On March 12, another complaint (PDF) was filed against Lyft, this time by Kyarra Hudson of Illinois. Hudson indicates she fell asleep in the back of a Lyft driver’s vehicle in January 2021, only to awaken with him on top of her, stripping off her clothes and sexually assaulting her.

A day later, another lawsuit against Lyft was filed by Maribeth Stencel (PDF) of Arizona, who says that while using the service in August 2022, the driver touched her hand, she began to feel foggy and faint, and the last thing she remembered was the driver pulling into a parking lot.

The next thing Stencel says she remembers is her children waking her halfway inside her doorway, her body covered in bruises, her belongings strewn about, and her phone missing.
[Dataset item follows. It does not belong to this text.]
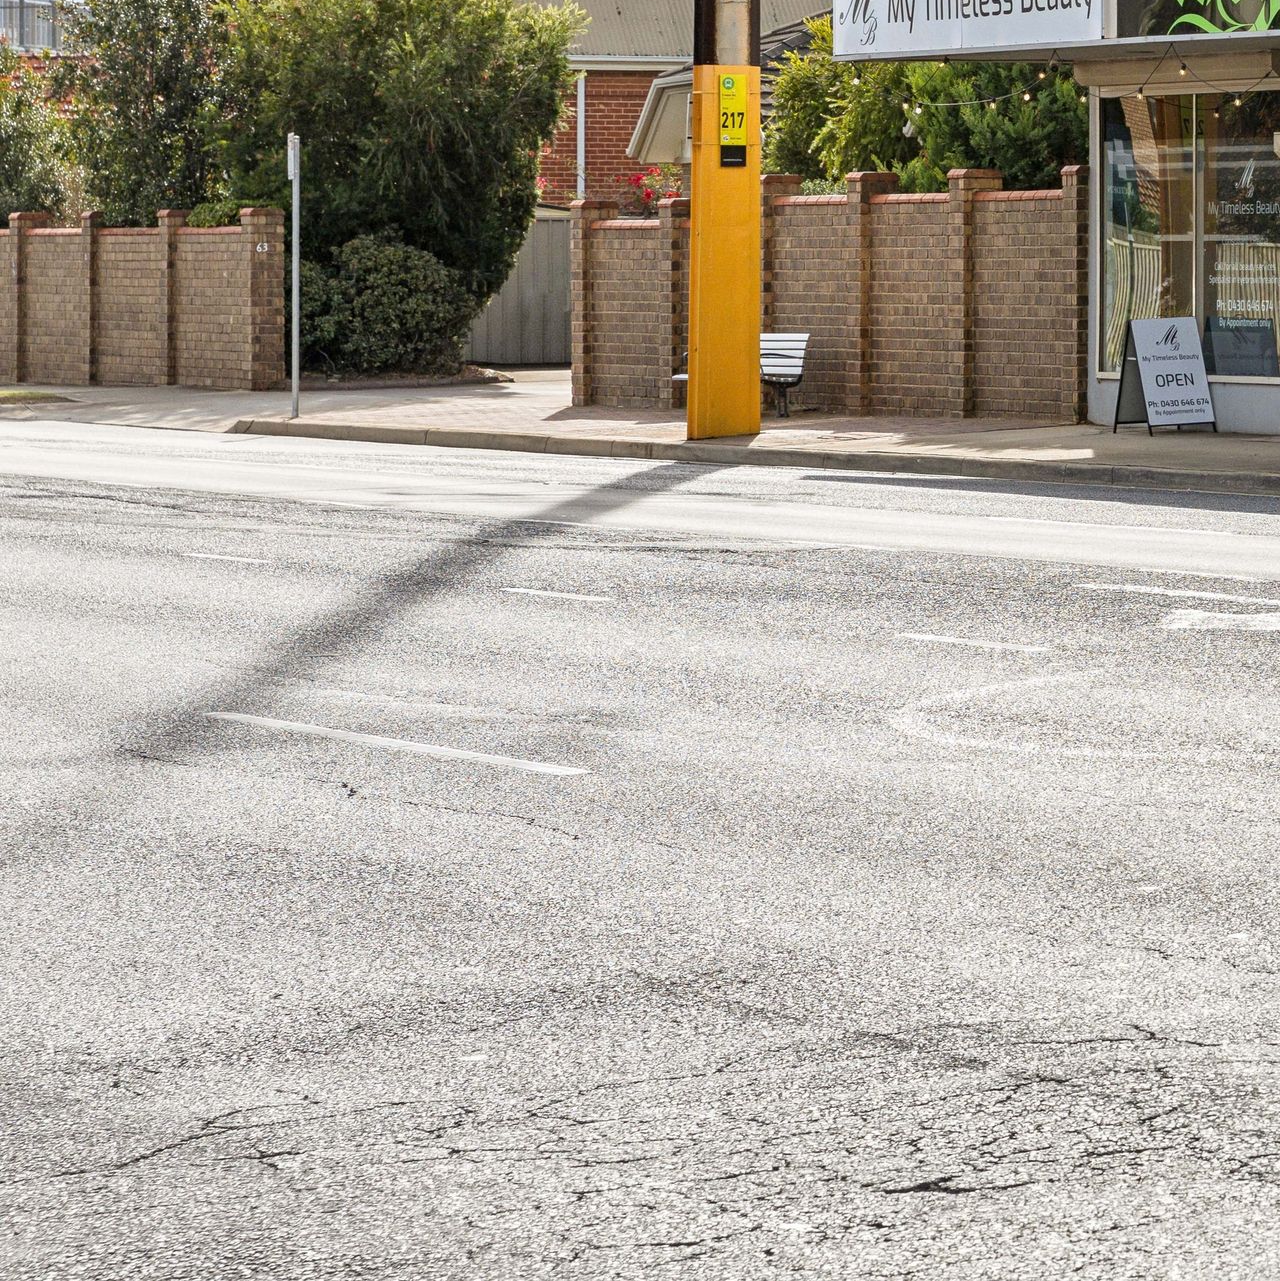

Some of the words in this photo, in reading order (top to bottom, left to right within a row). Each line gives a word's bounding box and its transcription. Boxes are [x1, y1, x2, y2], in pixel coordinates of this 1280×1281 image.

In addition, records showed that while she had ordered a ride home from the Lyft app, the trip was later cancelled at a different location. The incident is still under investigation.

Like its competitor Uber, Lyft actively markets itself as a company that provides safe transportation for consumers, the lawsuits note. However, plaintiffs indicate Lyft fails to perform even basic safety measures, such as background checks on its drivers, does not run fingerprints of its drivers, and does not check the applicants against available databases.

The lawsuits present claims of general negligence, negligent hiring, retention and supervision, common carrier negligence, negligent failure to warn, intentional misrepresentation, negligent infliction of emotional distress, breach of contract, strict product liability – design, and strict product liability – failure to warn.

Uber Sexual Assault Lawsuits

All three of the recent Lyft lawsuits were filed in the U.S. District Court for the Northern District of California, where similar Uber sexual assault lawsuits have been consolidated for pretrial proceedings before U.S. District Judge Charles R. Breyer in the Northern District of California, as part of an MDL or multidistrict litigation.

Following coordinated general discovery in the Uber sexual assault lawsuits, it is expected that the court will select a small group of representative claims to go through case-specific discovery and be prepared for early trial dats, which will be used to gauge how juries are likely to respond to certain evidence and testimony that will be repeated throughout the litigation.

While the outcome of any bellwether trials in the MDL will not be binding on other claims, average Uber sexual assault lawsuit payouts awarded by juries may influence later settlement agreements. If no Uber sexual assault lawsuit settlement is reached, each individual claim may be remanded back to the U.S. District Court where it was originally filed for a future trial date.